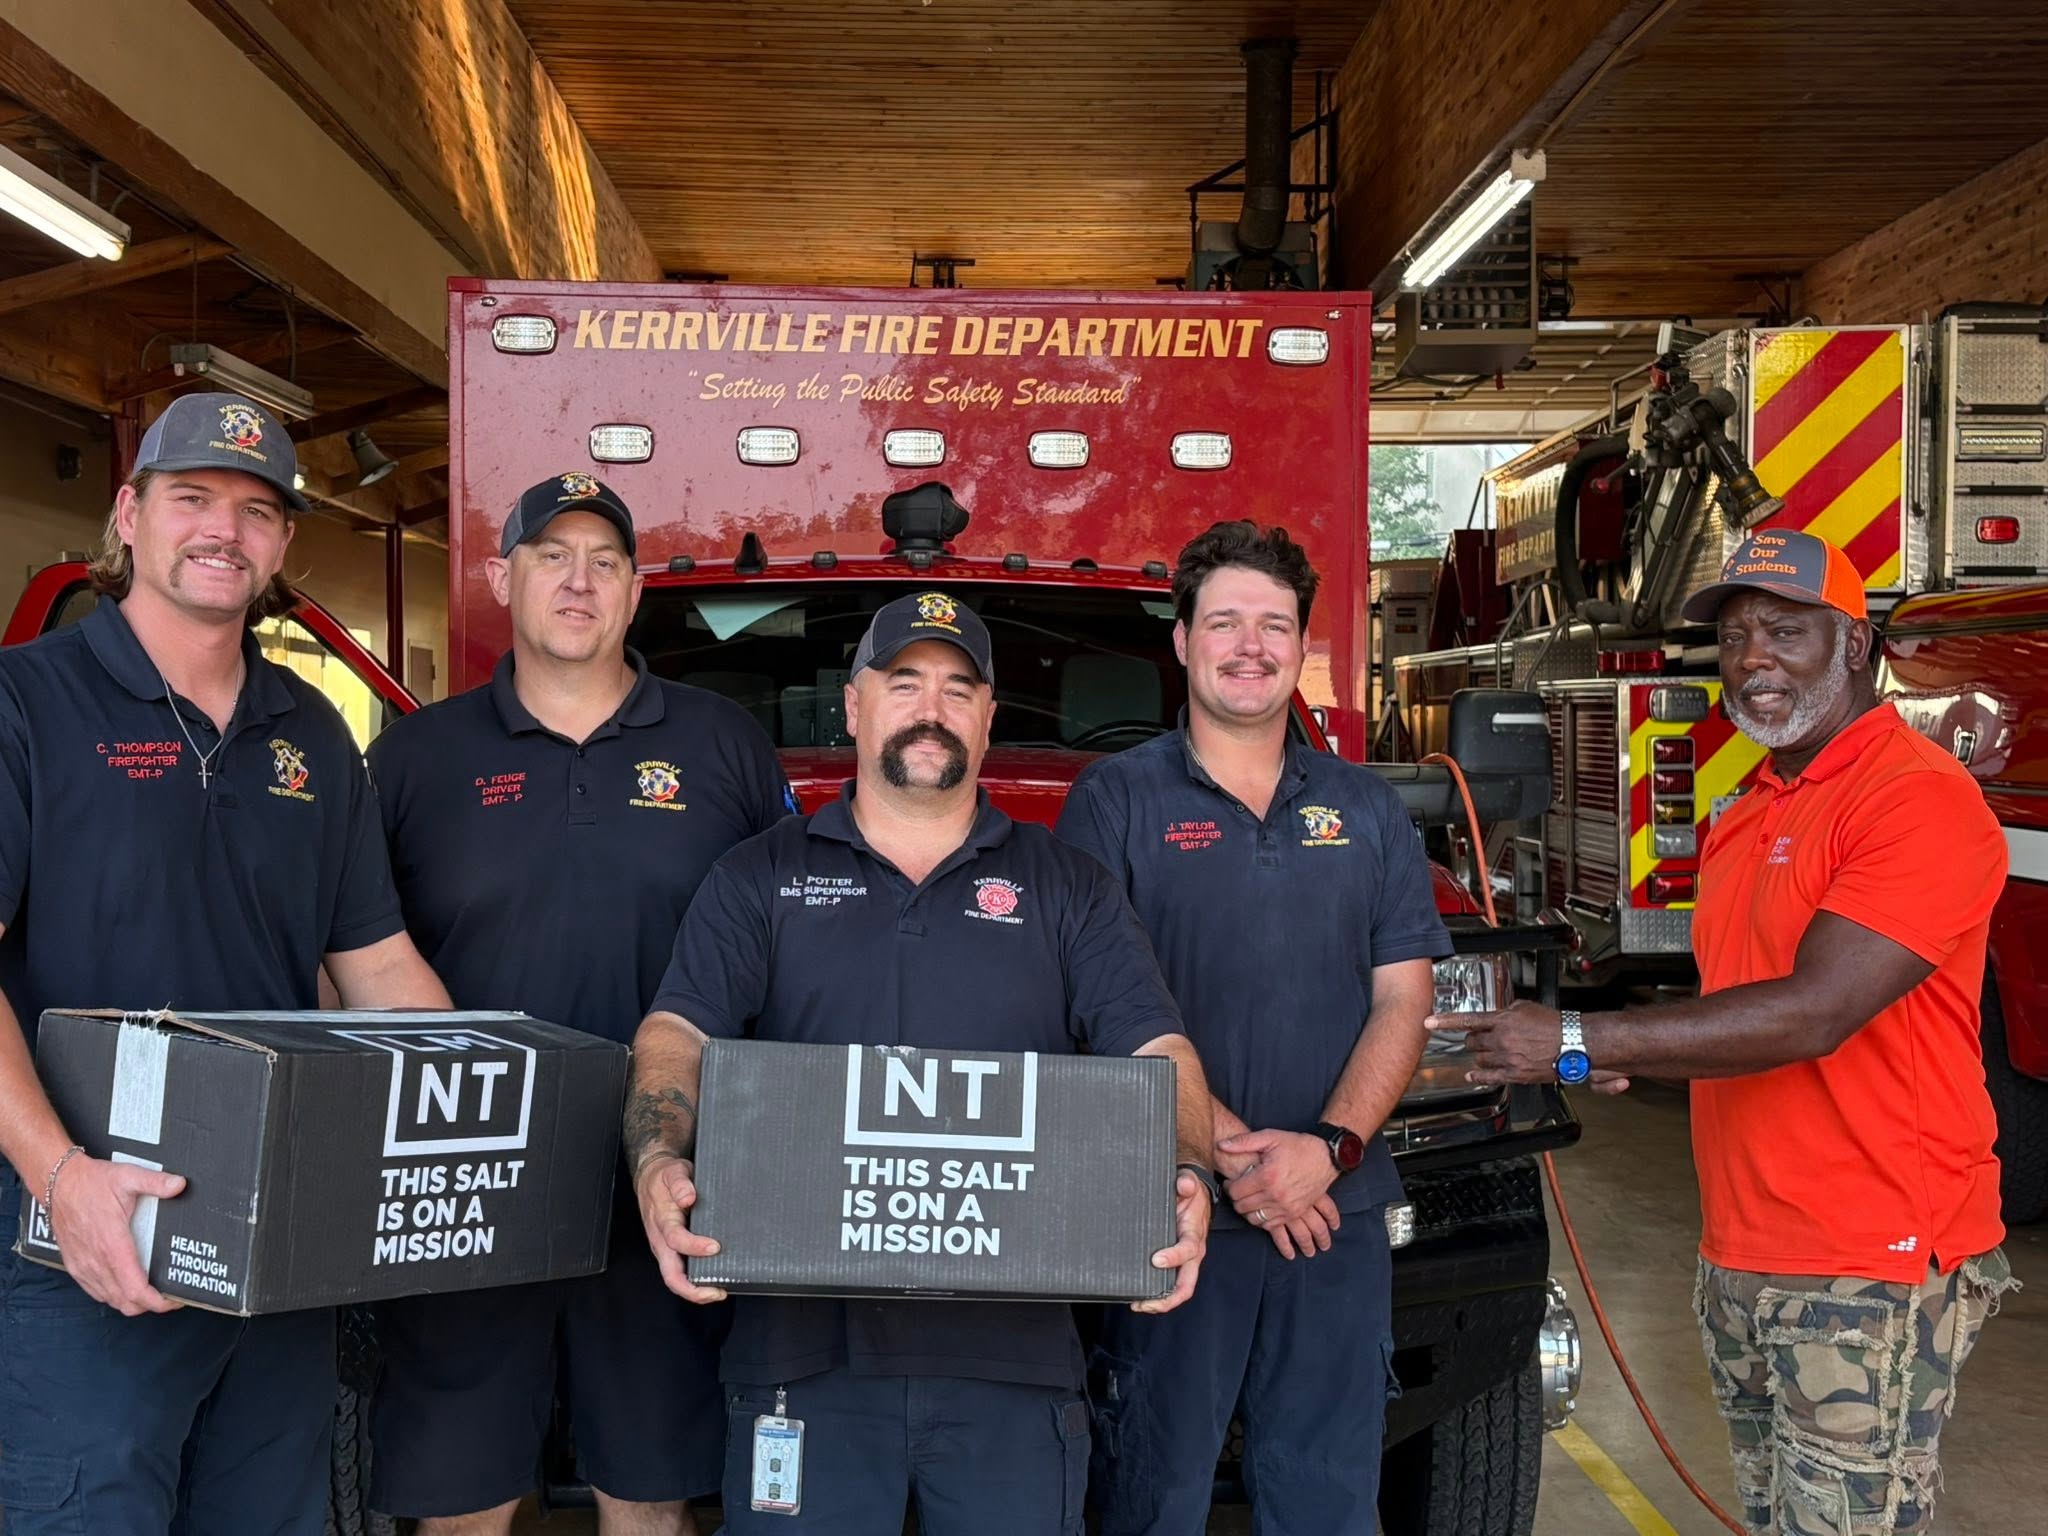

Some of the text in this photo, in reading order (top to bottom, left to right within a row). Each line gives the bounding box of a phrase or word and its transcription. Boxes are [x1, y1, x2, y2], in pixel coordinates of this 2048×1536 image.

[573, 310, 1264, 358] KERRVILLE FIRE DEPARTMENT
[796, 372, 830, 401] the
[839, 373, 915, 403] Public
[923, 376, 1004, 412] Safety
[1497, 477, 1559, 531] KERRVIL
[1749, 547, 1779, 558] Our
[1752, 535, 1788, 546] Save
[1735, 560, 1798, 576] Students
[96, 741, 182, 754] C. THOMPSON
[108, 755, 178, 767] FIREFIGHTER
[127, 769, 163, 779] EMT-P
[482, 784, 521, 796] DRIVER
[1179, 821, 1216, 831] TAYLOR
[780, 886, 868, 897] EMS SUPERVISOR
[806, 876, 853, 887] POTTER
[805, 896, 841, 906] EMT-P
[416, 1062, 509, 1124] NT
[884, 1056, 1000, 1120] NT
[381, 1160, 525, 1197] THIS SALT
[843, 1156, 1035, 1191] THIS SALT
[376, 1195, 484, 1232] IS ON A
[842, 1189, 985, 1222] IS ON A
[170, 1234, 217, 1259] HEALTH
[373, 1226, 495, 1266] MISSION
[840, 1222, 1000, 1256] MISSION
[170, 1250, 228, 1278] THROUGH
[167, 1266, 237, 1297] HYDRATION
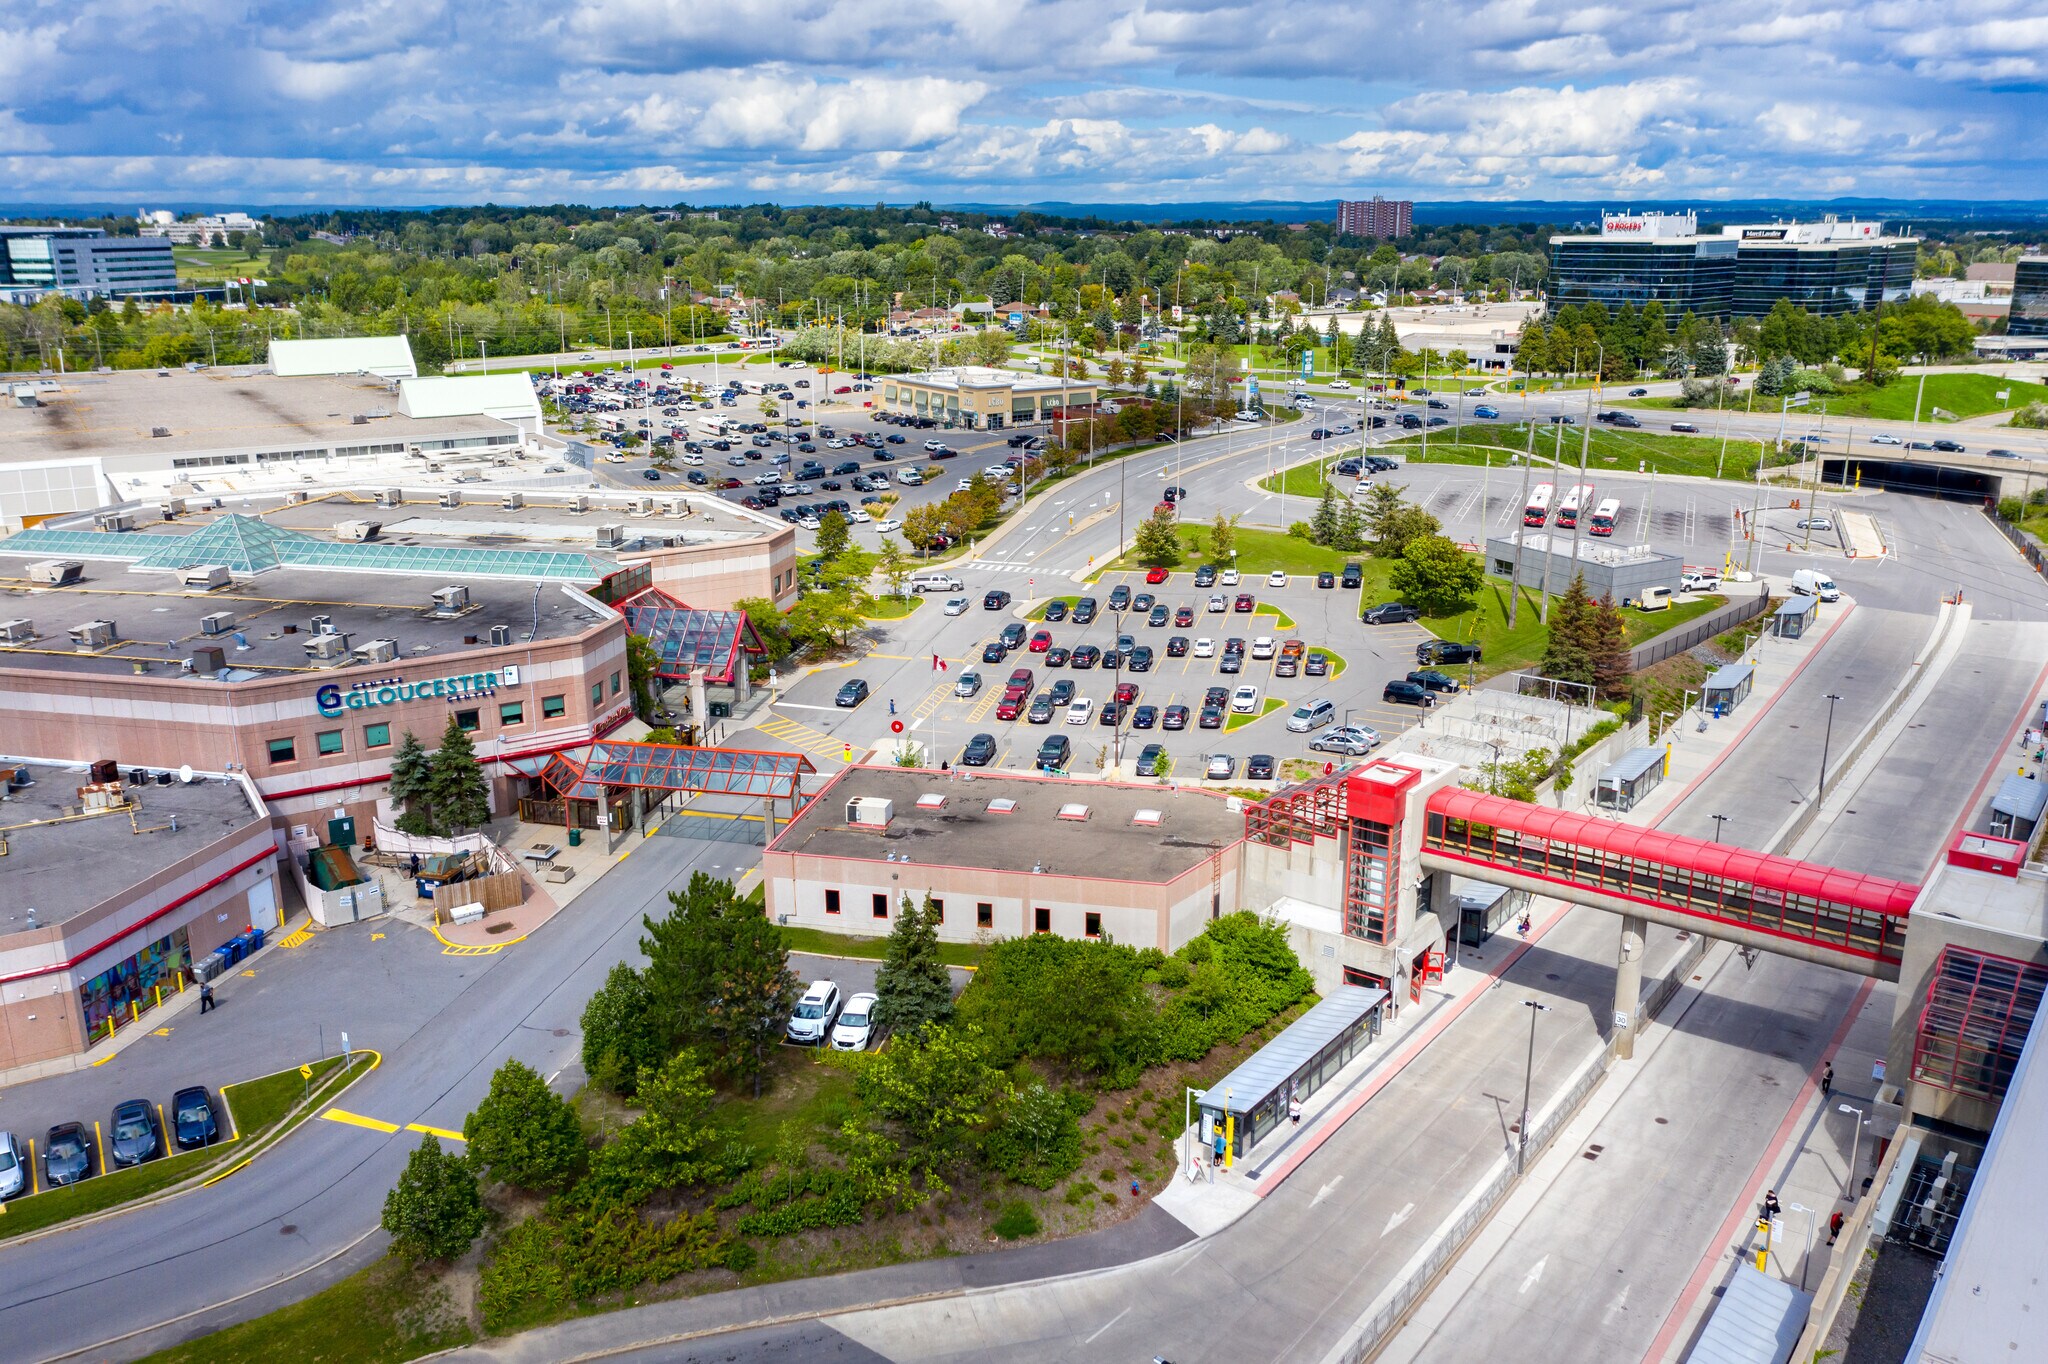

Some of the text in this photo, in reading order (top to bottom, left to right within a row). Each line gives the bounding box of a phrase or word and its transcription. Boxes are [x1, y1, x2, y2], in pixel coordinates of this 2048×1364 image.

[1615, 222, 1642, 230] ROGERS
[988, 398, 1004, 407] LCBO
[1046, 399, 1060, 407] LCBO
[352, 677, 402, 690] CENTRE
[345, 672, 500, 710] GLOUCESTER
[447, 690, 495, 703] CENTRE
[1617, 1016, 1626, 1024] 30
—————
:: PROBLEM DETAILS ::
Leaving out every picture, repeat the records above exactly as they stand.

:: RESPONSE TO THE EXERCISE ::
Some of the text in this photo, in reading order (top to bottom, left to right within a row). Each line gives the bounding box of a phrase or word and its transcription. Boxes are [x1, y1, x2, y2], in pixel coordinates of this 2048×1536 image.

[573, 310, 1264, 358] KERRVILLE FIRE DEPARTMENT
[796, 372, 830, 401] the
[839, 373, 915, 403] Public
[923, 376, 1004, 412] Safety
[1497, 477, 1559, 531] KERRVIL
[1749, 547, 1779, 558] Our
[1752, 535, 1788, 546] Save
[1735, 560, 1798, 576] Students
[96, 741, 182, 754] C. THOMPSON
[108, 755, 178, 767] FIREFIGHTER
[127, 769, 163, 779] EMT-P
[482, 784, 521, 796] DRIVER
[1179, 821, 1216, 831] TAYLOR
[780, 886, 868, 897] EMS SUPERVISOR
[806, 876, 853, 887] POTTER
[805, 896, 841, 906] EMT-P
[416, 1062, 509, 1124] NT
[884, 1056, 1000, 1120] NT
[381, 1160, 525, 1197] THIS SALT
[843, 1156, 1035, 1191] THIS SALT
[376, 1195, 484, 1232] IS ON A
[842, 1189, 985, 1222] IS ON A
[170, 1234, 217, 1259] HEALTH
[373, 1226, 495, 1266] MISSION
[840, 1222, 1000, 1256] MISSION
[170, 1250, 228, 1278] THROUGH
[167, 1266, 237, 1297] HYDRATION

Some of the text in this photo, in reading order (top to bottom, left to right within a row). Each line gives the bounding box of a phrase or word and its transcription. Boxes are [x1, y1, x2, y2], in pixel coordinates of this 2048×1364 image.

[1615, 222, 1642, 230] ROGERS
[988, 398, 1004, 407] LCBO
[1046, 399, 1060, 407] LCBO
[352, 677, 402, 690] CENTRE
[345, 672, 500, 710] GLOUCESTER
[447, 690, 495, 703] CENTRE
[1617, 1016, 1626, 1024] 30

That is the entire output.